Like Aintree, Haydock Park was requisitioned by the military in the immediate aftermath of the Dunkirk evacuation in June 1940.
The first troops to be billeted there were five or six thousand Czech and Polish troops, and these were followed by 68 officers and 1,794 sailors of the French navy, whose ships had been boarded and taken over by the Royal Navy on the fall of France. Most of these men were supporters of the Vichy government, and their lack of discipline and hostility to the British (to say nothing of their ‘chasing the women and girls’ of the district) caused the authorities considerable concern until the majority of them were repatriated to France in November 1940.
For the next couple of years the racecourse was used as a transit camp for various units of the British army, troops being quartered in the stables or in tents out on the course.
From September 1942 the course was used by the US forces as a motor transit depot, which caused considerable damage to the area behind the stands and around the paddock, although the race track itself remained untouched.
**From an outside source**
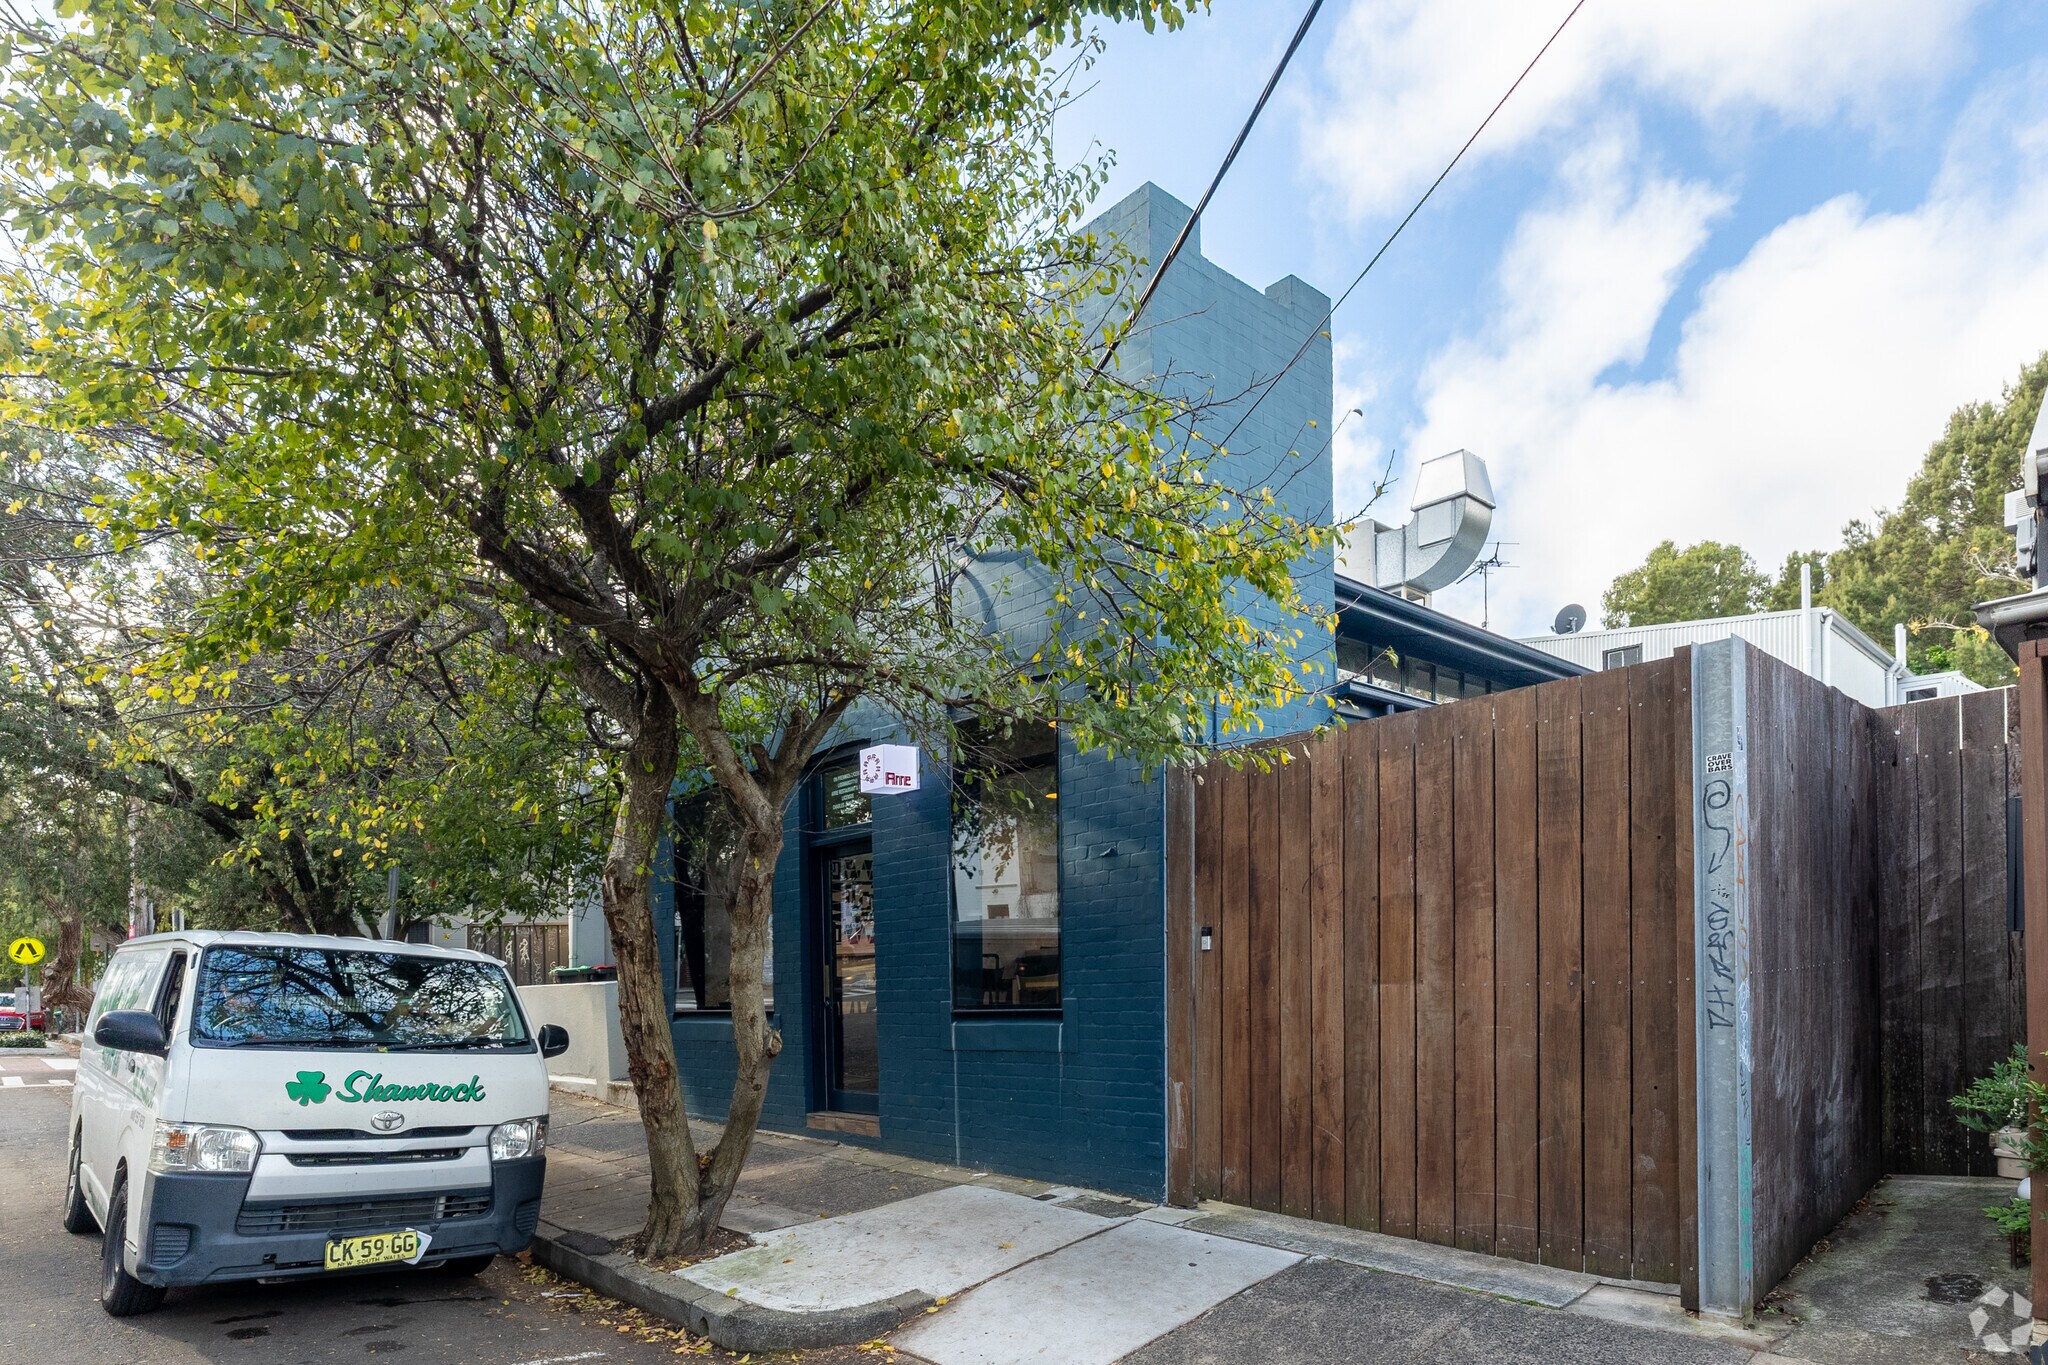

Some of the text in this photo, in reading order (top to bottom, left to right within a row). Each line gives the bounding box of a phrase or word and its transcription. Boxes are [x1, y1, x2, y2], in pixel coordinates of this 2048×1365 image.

At the same time some of the land was de-requisitioned and let out to local farmers for growing crops.
In June 1943, as the preparations for D Day the following year began, Haydock was turned into a reception base and repair shop for every conceivable kind of military vehicle from jeeps to Sherman tanks, amphibious landing craft and even gliders. This continued even after the Normandy landings had taken place, and when the war in Europe came to an end on 8 May 1945 considerable numbers of gliders remained on the course; although perfectly serviceable most of these were either scrapped on the spot or sent to Burtonwood for the Americans to dispose of there.
The racecourse company regained possession of the course on 25 December 1945. The race track was reported to be in good condition, but the same could not be said for the stands or the other buildings, and racing was unable to resume until 14 August 1946. In spite of the small number of runners – only nineteen in the first four races - a large crowd turned out, with the Manchester Guardian noting that the course had ‘remarkably recovered from its varied and often violent military occupations’.